Task prompt:
Without any pictures, restate the full set of records below exactly.

Data for processing:
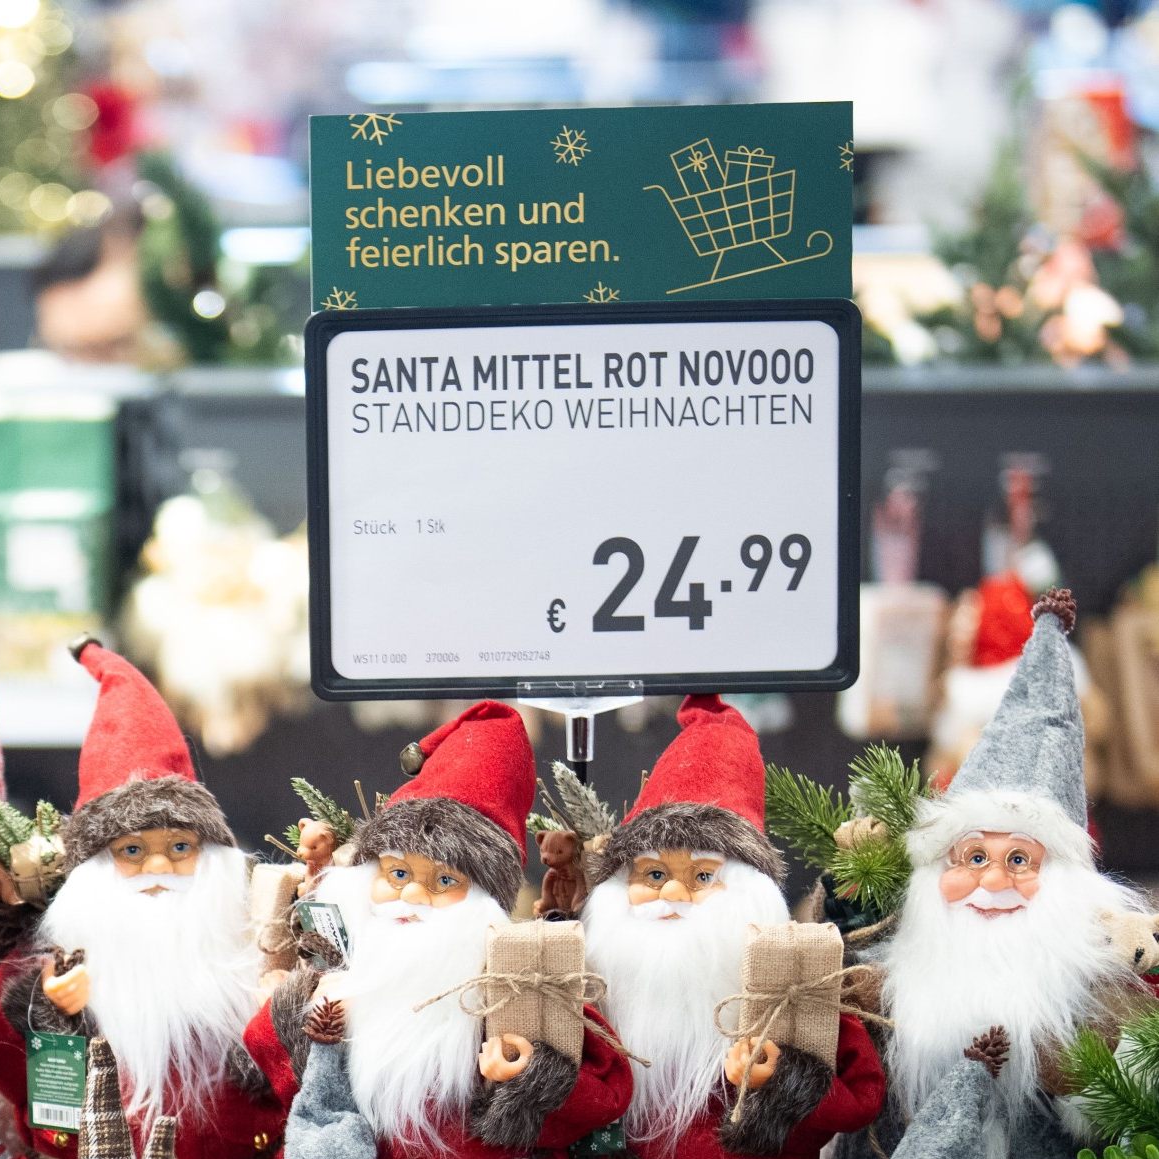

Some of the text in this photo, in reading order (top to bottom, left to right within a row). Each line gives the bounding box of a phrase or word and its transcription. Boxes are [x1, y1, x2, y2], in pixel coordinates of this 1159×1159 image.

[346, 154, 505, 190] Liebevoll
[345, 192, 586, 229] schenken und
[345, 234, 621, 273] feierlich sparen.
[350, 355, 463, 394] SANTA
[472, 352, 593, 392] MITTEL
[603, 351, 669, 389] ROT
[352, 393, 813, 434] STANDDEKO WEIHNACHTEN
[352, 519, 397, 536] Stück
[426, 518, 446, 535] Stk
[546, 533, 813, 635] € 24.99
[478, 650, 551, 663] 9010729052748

Reply:
Some of the text in this photo, in reading order (top to bottom, left to right within a row). Each line gives the bounding box of a phrase or word and its transcription. Boxes are [x1, y1, x2, y2], in pixel coordinates of this 1159×1159 image.

[346, 154, 505, 190] Liebevoll
[345, 192, 586, 229] schenken und
[345, 234, 621, 273] feierlich sparen.
[350, 355, 463, 394] SANTA
[472, 352, 593, 392] MITTEL
[603, 351, 669, 389] ROT
[352, 393, 813, 434] STANDDEKO WEIHNACHTEN
[352, 519, 397, 536] Stück
[426, 518, 446, 535] Stk
[546, 533, 813, 635] € 24.99
[478, 650, 551, 663] 9010729052748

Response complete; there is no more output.